Action item
All lines from the one with "Some of the text" through the close of the records below are to be set down exactly, and no others.

════════════════════

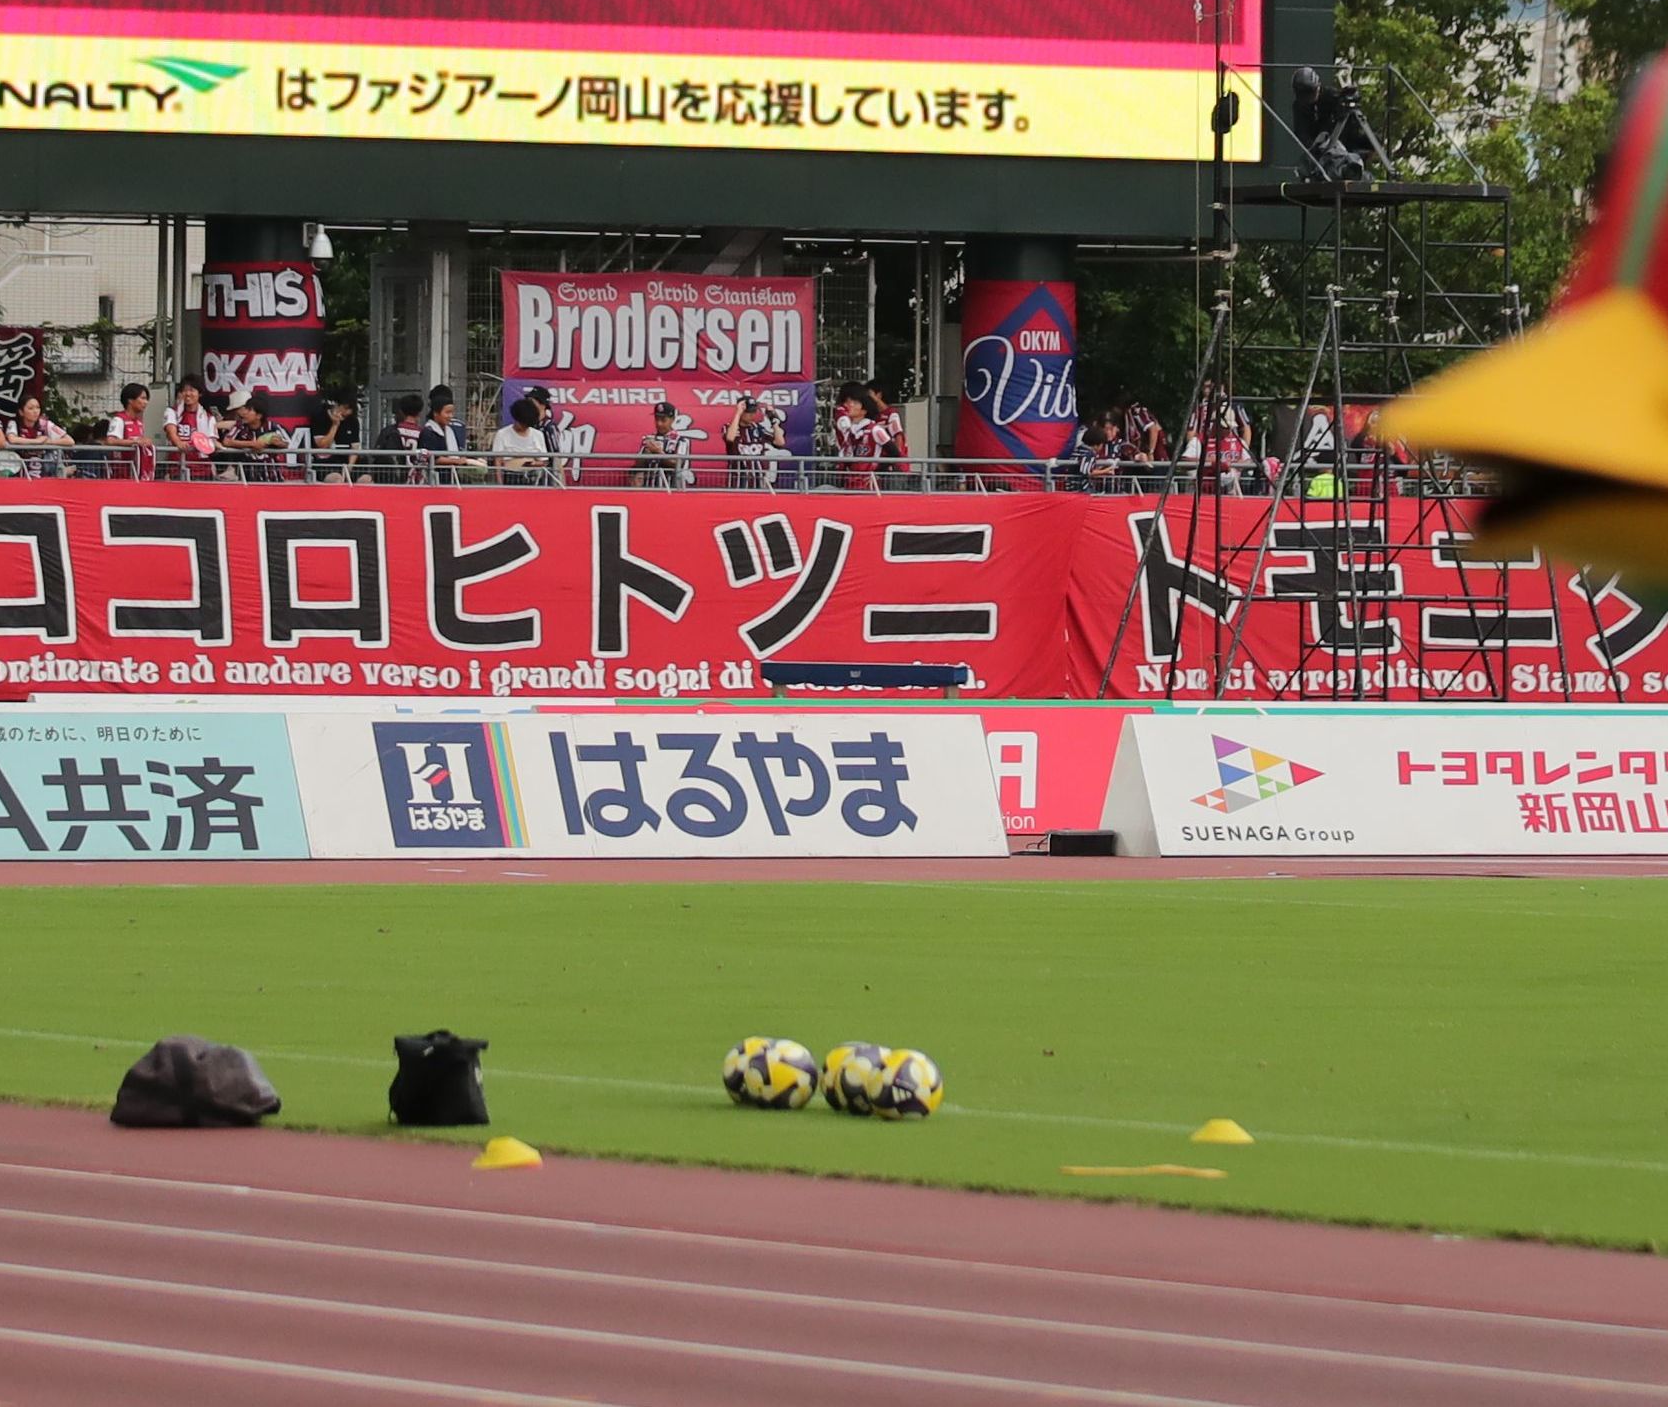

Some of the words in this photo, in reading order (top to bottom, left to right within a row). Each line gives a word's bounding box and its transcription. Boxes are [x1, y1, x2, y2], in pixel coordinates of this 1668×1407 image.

[276, 68, 1031, 134] はファジアーノ岡山を応援しています。
[204, 269, 309, 318] THIS
[517, 283, 803, 374] Brodersen
[1019, 330, 1061, 351] OKYM
[963, 334, 1079, 426] Vib
[168, 652, 216, 686] ad
[223, 654, 352, 688] andare
[364, 662, 462, 690] verso
[468, 659, 482, 690] i
[490, 659, 605, 698] grandi
[614, 659, 713, 698] sogni
[719, 658, 754, 690] di
[1135, 663, 1209, 693] Non
[1510, 663, 1630, 693] Siamo
[549, 731, 919, 839] はるやま
[408, 805, 486, 833] はるやま
[1002, 811, 1036, 830] ion
[1181, 825, 1291, 842] SUENAGA
[1294, 827, 1355, 845] Group
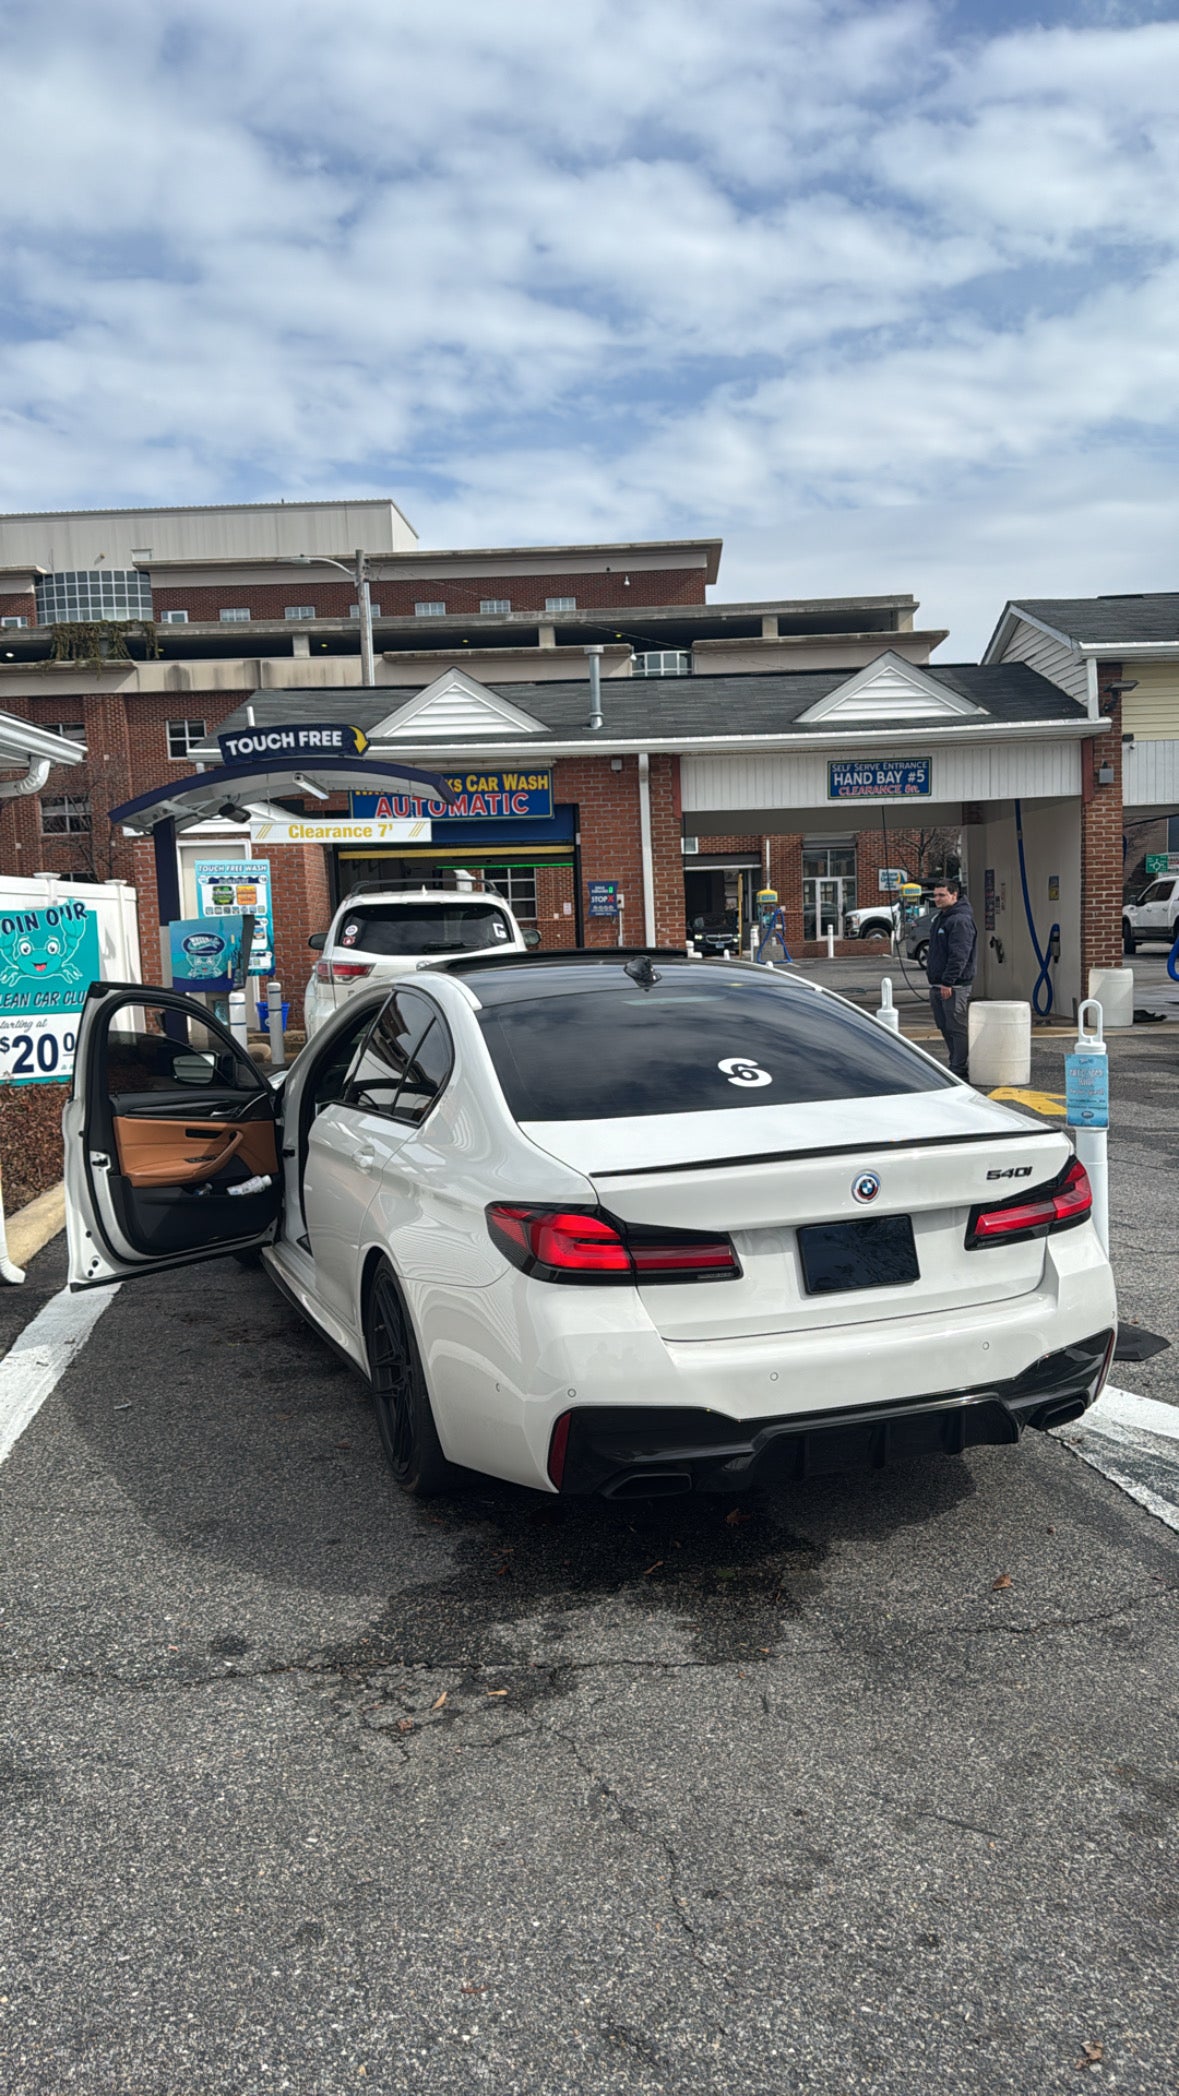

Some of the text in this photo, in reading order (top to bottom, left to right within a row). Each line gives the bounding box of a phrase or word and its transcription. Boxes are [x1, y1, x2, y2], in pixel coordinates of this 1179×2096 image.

[226, 730, 343, 756] TOUCH FREE
[832, 760, 928, 773] SELF SERVE ENTRANCE
[465, 774, 499, 793] CAR
[502, 773, 549, 791] WASH
[834, 769, 926, 786] HAND BAY #5
[838, 784, 903, 797] CLEARANCE
[375, 792, 530, 819] AUTOMATIC
[288, 823, 394, 839] Clearance 7'
[198, 864, 267, 873] TOUCH FREE WASH
[591, 895, 608, 904] STOP
[1, 911, 39, 935] OIN
[492, 922, 508, 939] G
[0, 990, 87, 1009] LEAN CAR CLU
[0, 1018, 48, 1033] tarting at

════════════════════

Exercise answer
Some of the text in this photo, in reading order (top to bottom, left to right within a row). Each line gives the bounding box of a phrase or word and its transcription. Boxes are [x1, y1, x2, y2], in pixel coordinates of this 1179×2096 image.

[226, 730, 343, 756] TOUCH FREE
[832, 760, 928, 773] SELF SERVE ENTRANCE
[465, 774, 499, 793] CAR
[502, 773, 549, 791] WASH
[834, 769, 926, 786] HAND BAY #5
[838, 784, 903, 797] CLEARANCE
[375, 792, 530, 819] AUTOMATIC
[288, 823, 394, 839] Clearance 7'
[198, 864, 267, 873] TOUCH FREE WASH
[591, 895, 608, 904] STOP
[1, 911, 39, 935] OIN
[492, 922, 508, 939] G
[0, 990, 87, 1009] LEAN CAR CLU
[0, 1018, 48, 1033] tarting at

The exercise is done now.